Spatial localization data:
_ _ _ _ _ _ _

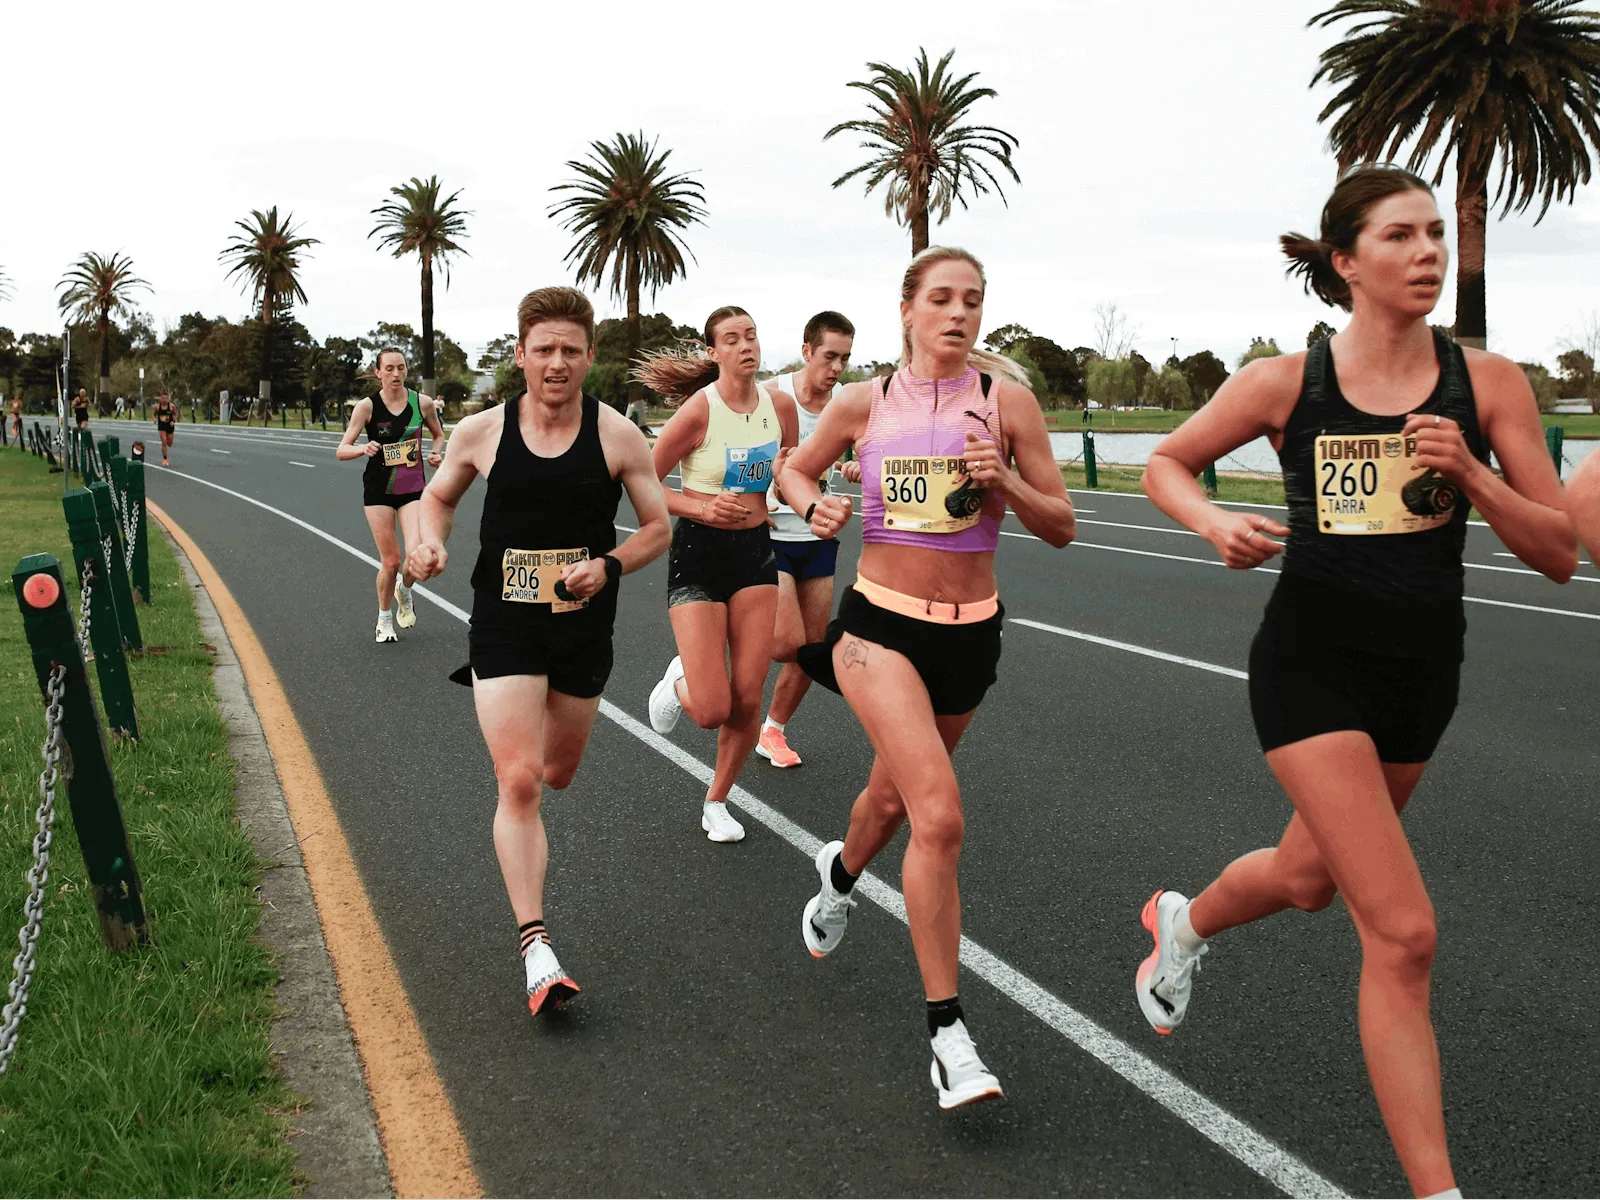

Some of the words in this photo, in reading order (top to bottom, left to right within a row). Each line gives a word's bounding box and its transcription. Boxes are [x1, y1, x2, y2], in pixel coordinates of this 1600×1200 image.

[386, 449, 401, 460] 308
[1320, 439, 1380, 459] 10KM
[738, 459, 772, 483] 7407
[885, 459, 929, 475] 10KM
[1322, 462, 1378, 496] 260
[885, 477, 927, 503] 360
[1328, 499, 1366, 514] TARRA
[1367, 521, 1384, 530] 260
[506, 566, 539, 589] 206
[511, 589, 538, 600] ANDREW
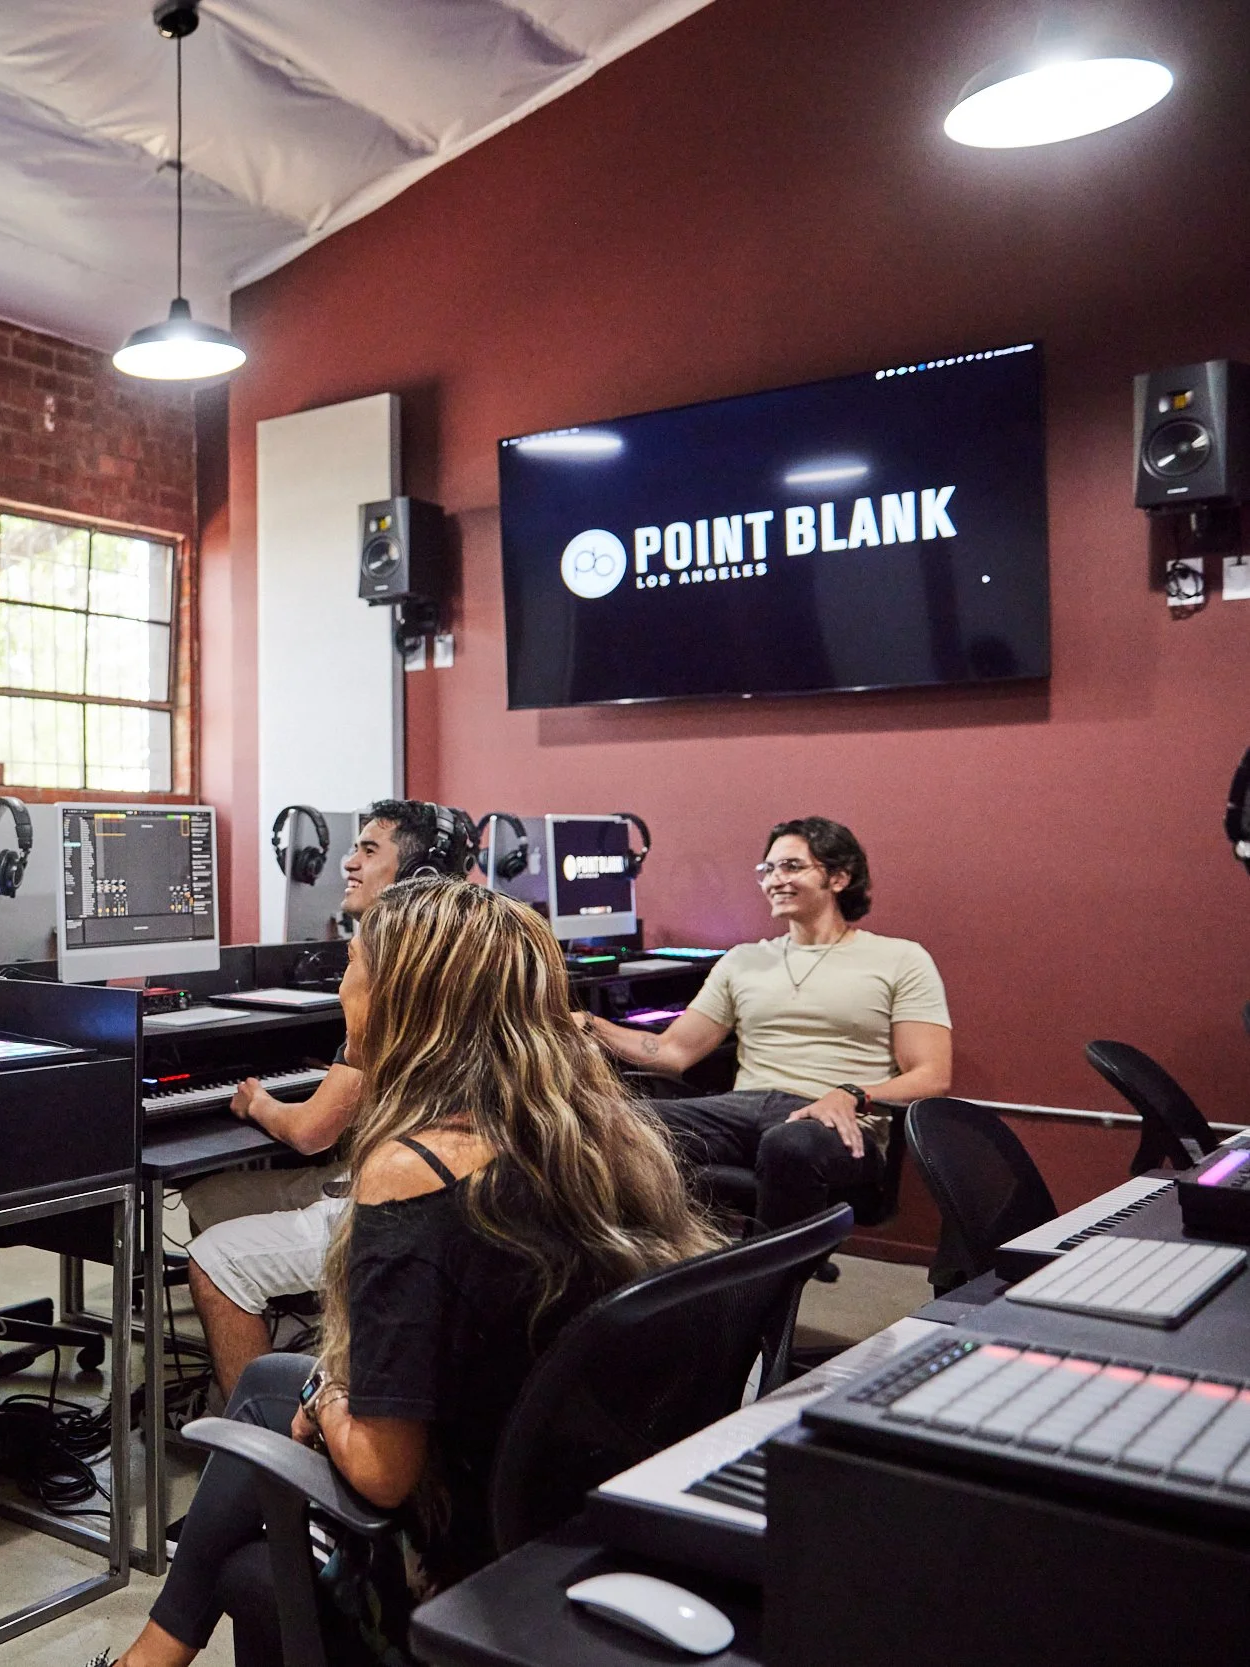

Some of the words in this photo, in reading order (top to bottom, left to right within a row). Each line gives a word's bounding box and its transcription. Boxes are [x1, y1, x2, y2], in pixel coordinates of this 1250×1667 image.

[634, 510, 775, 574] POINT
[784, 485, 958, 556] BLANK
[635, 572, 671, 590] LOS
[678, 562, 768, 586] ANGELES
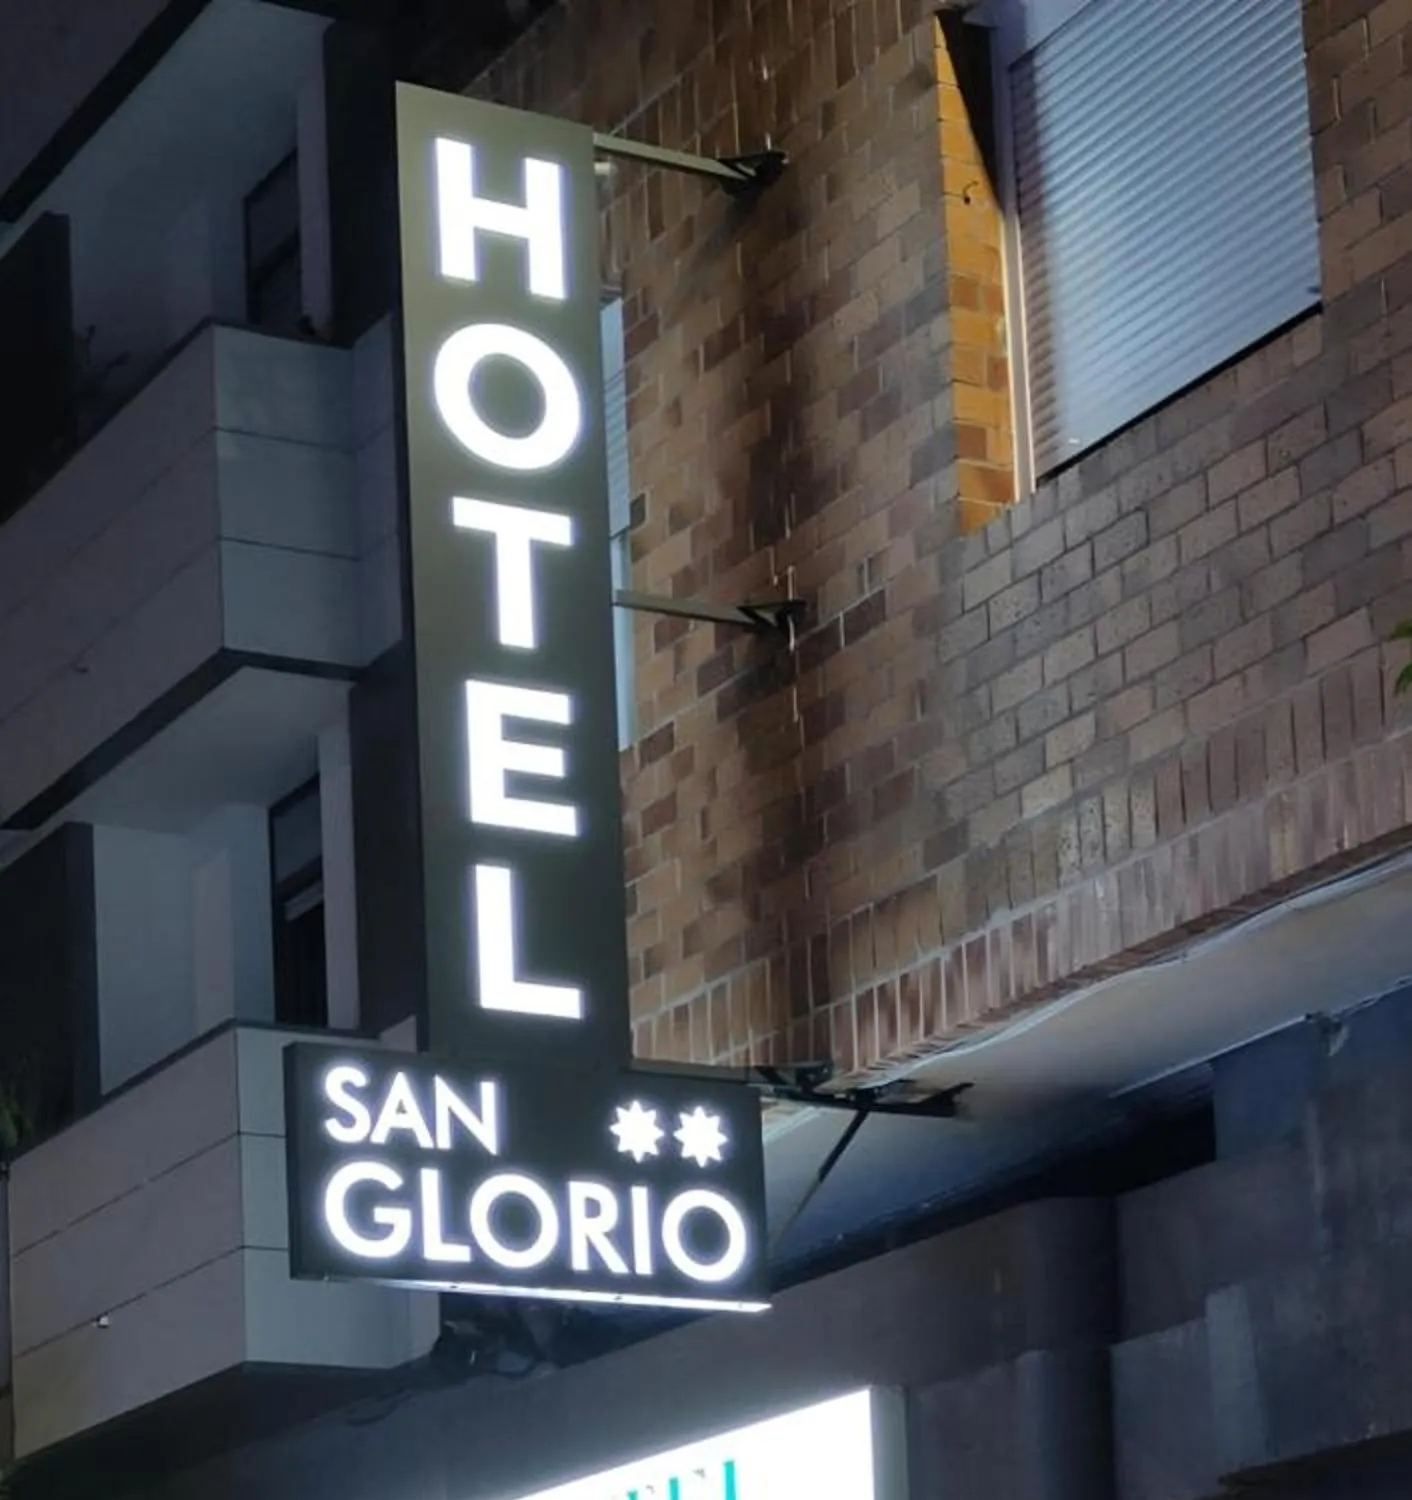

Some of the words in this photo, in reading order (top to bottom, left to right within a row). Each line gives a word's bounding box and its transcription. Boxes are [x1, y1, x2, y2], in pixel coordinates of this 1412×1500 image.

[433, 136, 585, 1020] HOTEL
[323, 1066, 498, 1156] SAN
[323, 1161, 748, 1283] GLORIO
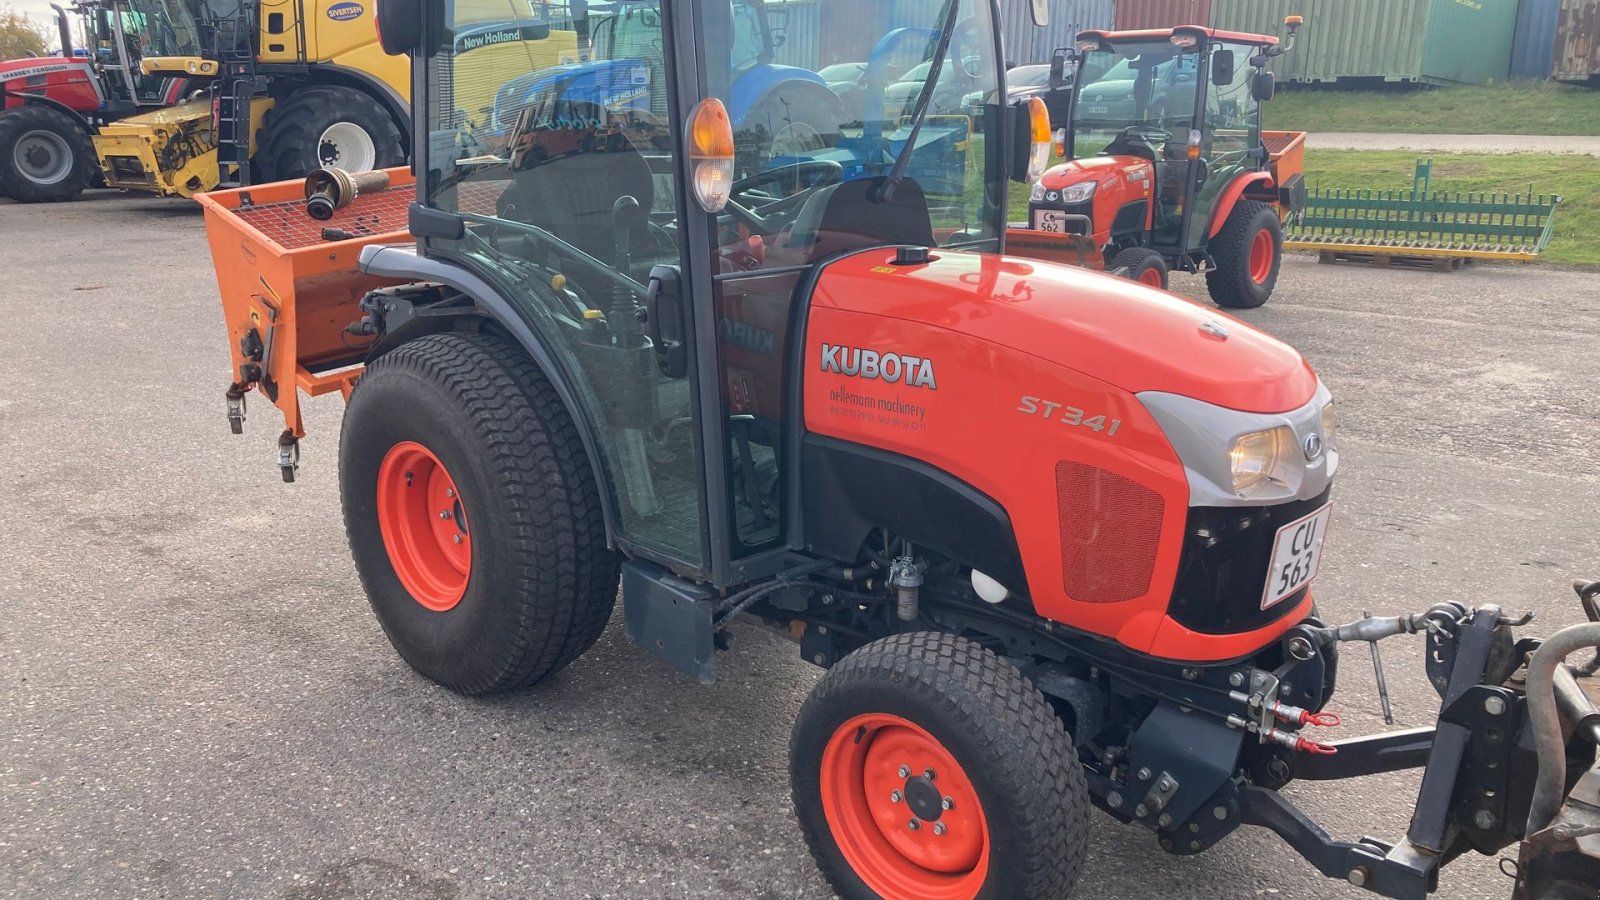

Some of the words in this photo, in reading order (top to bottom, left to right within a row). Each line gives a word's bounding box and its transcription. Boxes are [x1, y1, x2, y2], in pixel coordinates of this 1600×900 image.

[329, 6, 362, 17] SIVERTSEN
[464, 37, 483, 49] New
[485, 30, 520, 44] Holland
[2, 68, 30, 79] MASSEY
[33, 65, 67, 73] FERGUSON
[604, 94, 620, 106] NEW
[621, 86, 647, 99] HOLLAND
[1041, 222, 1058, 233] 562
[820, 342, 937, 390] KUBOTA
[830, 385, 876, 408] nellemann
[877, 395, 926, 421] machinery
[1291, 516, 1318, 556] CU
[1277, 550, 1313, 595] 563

_ _ _ _ _ _ _

Write every entry out again exactly, dropping the pictures.

▶ **ANSWER FOR THE TASK**
Some of the words in this photo, in reading order (top to bottom, left to right within a row). Each line gives a word's bounding box and its transcription. Boxes are [x1, y1, x2, y2], in pixel coordinates of this 1600×1200 image.

[386, 449, 401, 460] 308
[1320, 439, 1380, 459] 10KM
[738, 459, 772, 483] 7407
[885, 459, 929, 475] 10KM
[1322, 462, 1378, 496] 260
[885, 477, 927, 503] 360
[1328, 499, 1366, 514] TARRA
[1367, 521, 1384, 530] 260
[506, 566, 539, 589] 206
[511, 589, 538, 600] ANDREW

Some of the words in this photo, in reading order (top to bottom, left to right within a row). Each line gives a word's bounding box and its transcription. Boxes are [x1, y1, x2, y2], in pixel coordinates of this 1250×1667 image.

[634, 510, 775, 574] POINT
[784, 485, 958, 556] BLANK
[635, 572, 671, 590] LOS
[678, 562, 768, 586] ANGELES

Some of the words in this photo, in reading order (top to bottom, left to right within a row). Each line gives a word's bounding box and its transcription. Boxes are [x1, y1, x2, y2], in pixel coordinates of this 1412×1500 image.

[433, 136, 585, 1020] HOTEL
[323, 1066, 498, 1156] SAN
[323, 1161, 748, 1283] GLORIO

Some of the words in this photo, in reading order (top to bottom, left to right within a row). Each line gives a word's bounding box and its transcription. Boxes are [x1, y1, x2, y2], in pixel coordinates of this 1600×900 image.

[329, 6, 362, 17] SIVERTSEN
[464, 37, 483, 49] New
[485, 30, 520, 44] Holland
[2, 68, 30, 79] MASSEY
[33, 65, 67, 73] FERGUSON
[604, 94, 620, 106] NEW
[621, 86, 647, 99] HOLLAND
[1041, 222, 1058, 233] 562
[820, 342, 937, 390] KUBOTA
[830, 385, 876, 408] nellemann
[877, 395, 926, 421] machinery
[1291, 516, 1318, 556] CU
[1277, 550, 1313, 595] 563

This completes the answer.